A Priori Testing of Flamelet Generated Manifolds for Turbulent Partially Premixed Methane/Air Flames

To reduce high computational cost associated with simulations of reacting flows chemistry tabulation methods like the Flamelet Generated Manifold (FGM) method are commonly used. However, H₂, CO and OH predictions in RANS and LES simulations using the FGM (or a similar) method usually show a substantial deviation from measurements. The goal of this study is to assess the accuracy of low-dimensional FGM databases for the prediction of these species in turbulent, partially-premixed reacting flows. It will be examined to what extent turbulent, partially-premixed jet flames can be described by FGM databases based on premixed or counterflow diffusion flamelets and to what extent the chosen molecular transport model for the flamelet influences the accuracy of species mass fraction predictions in CFD-simulations.
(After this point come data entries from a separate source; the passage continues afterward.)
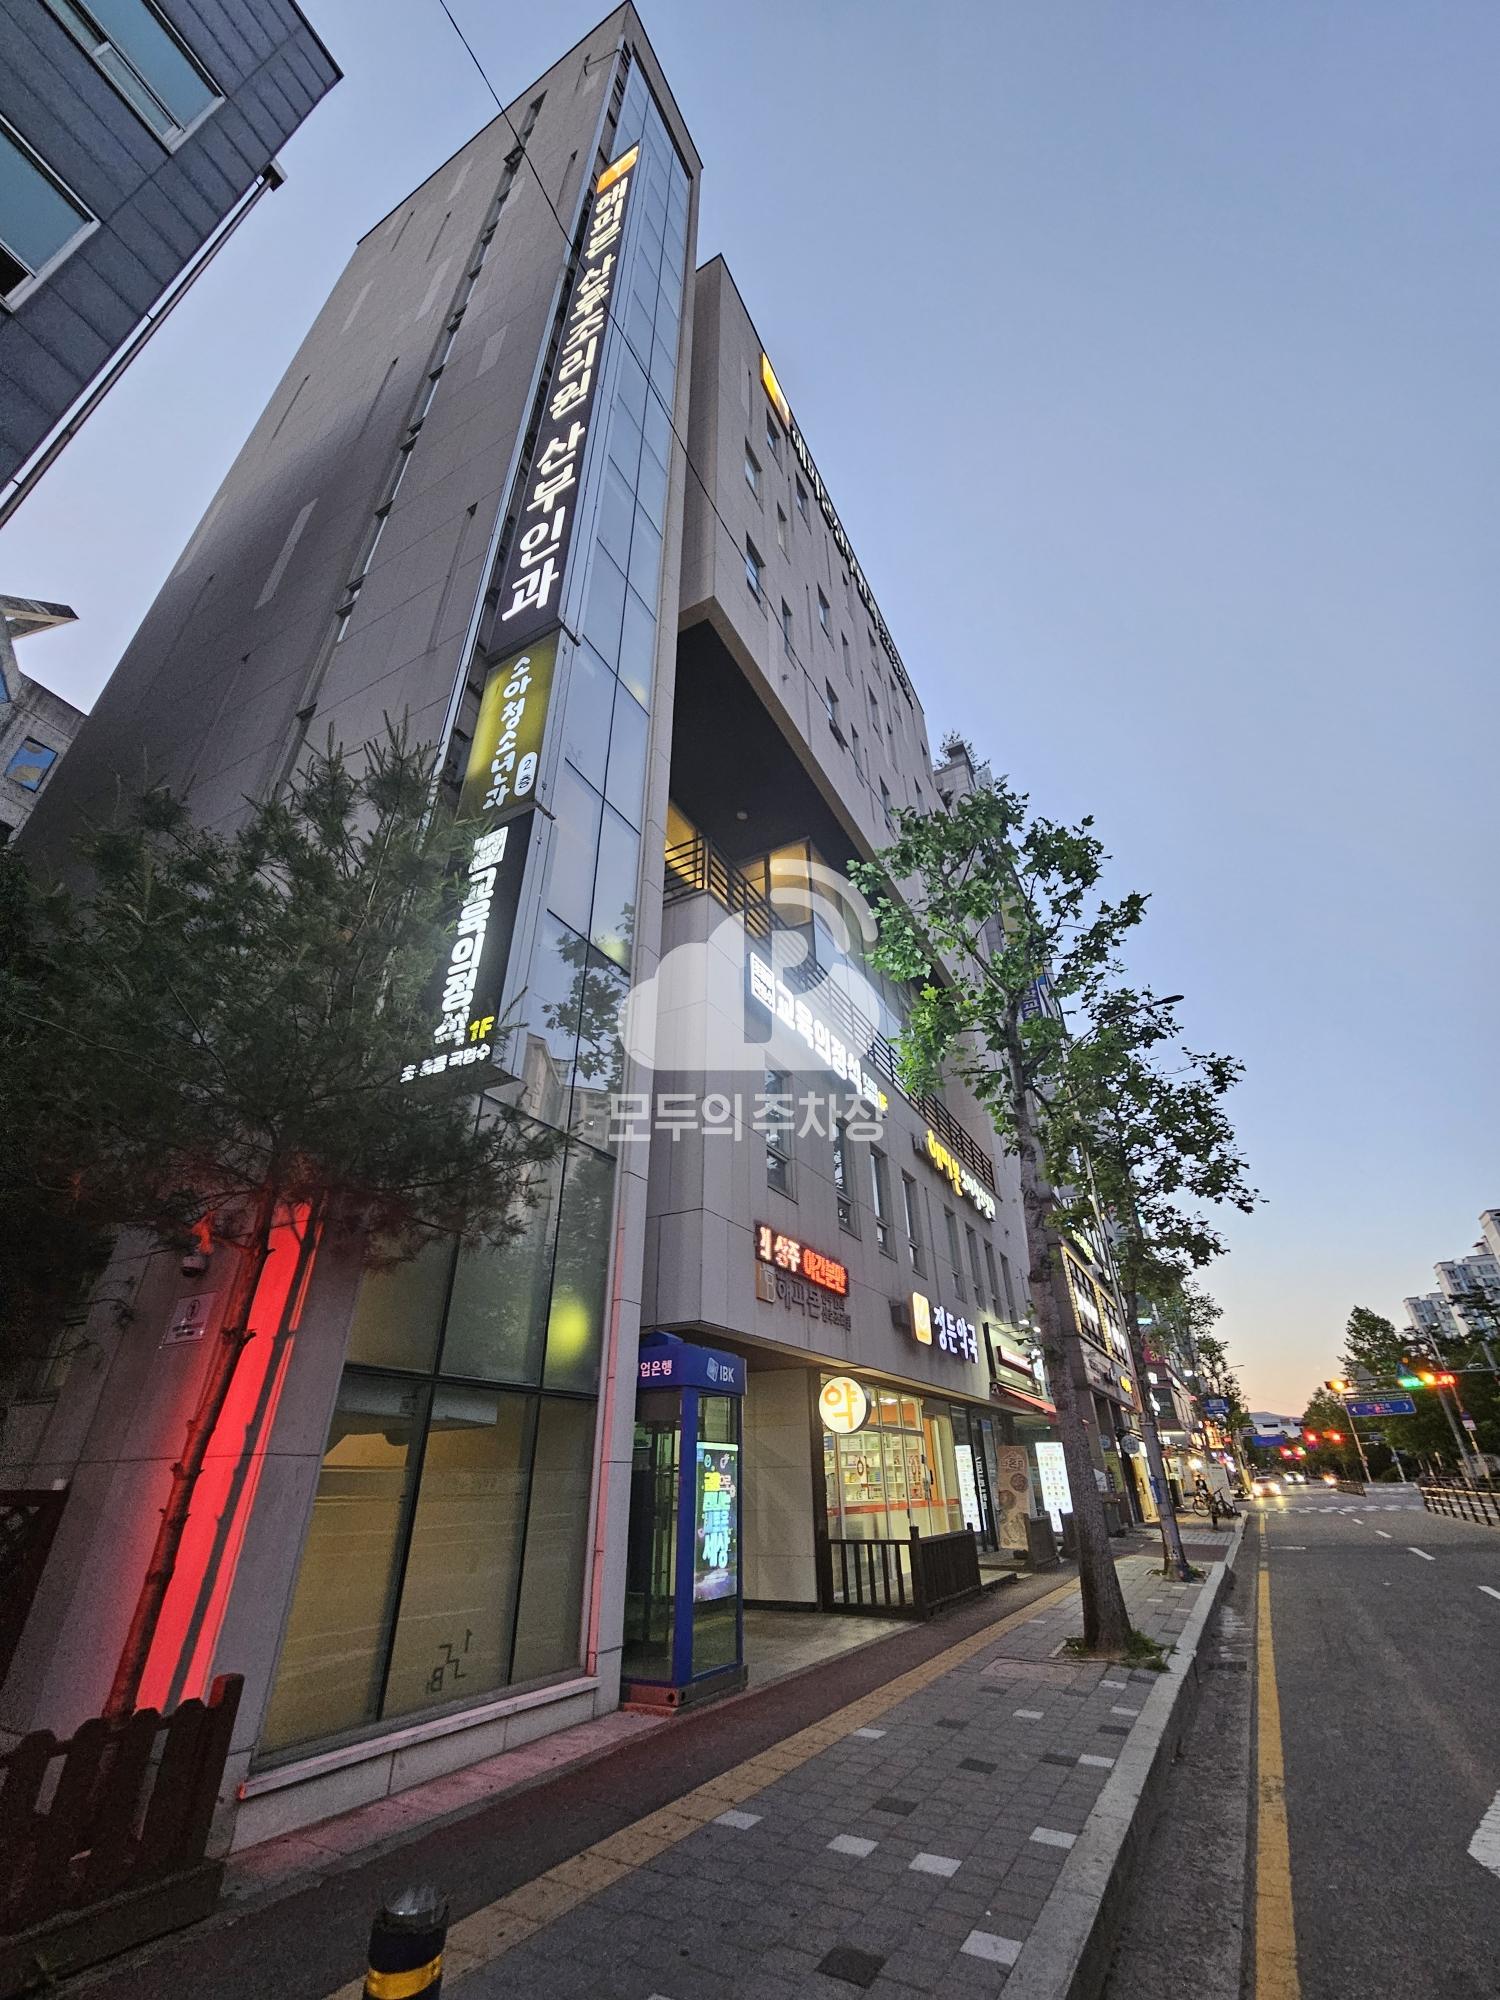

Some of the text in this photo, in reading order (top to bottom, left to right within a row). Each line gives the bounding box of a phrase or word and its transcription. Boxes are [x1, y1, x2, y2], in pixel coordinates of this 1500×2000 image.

[549, 253, 616, 421] 산후조리원
[501, 421, 586, 623] 산부인과
[482, 656, 532, 810] 소아청소년과
[433, 866, 498, 1047] 교육의정석
[469, 1015, 495, 1042] 1F
[719, 1364, 735, 1383] IBK
[933, 1305, 979, 1364] 정든약국
[823, 1381, 859, 1430] 약
For LES and RANS applications a model that accounts for subgrid fluctuations has to be added introducing additional errors in numerical results. A priori analysis of FGM databases enables the exclusion of numerical errors (scheme accuracy, convergence) that occur in CFD simulations as well as the exclusion of errors originating from subgrid modeling assumptions in LES and RANS. Four different FGM databases are compared for H₂O, H₂, CO, CO₂ and OH predictions in Sandia Flames C to F. Species mass fractions will be compared to measurements directly and conditioned on mixture fraction. Special attention is paid to the representation of experimentally observed differential diffusion effects by FGM databases.     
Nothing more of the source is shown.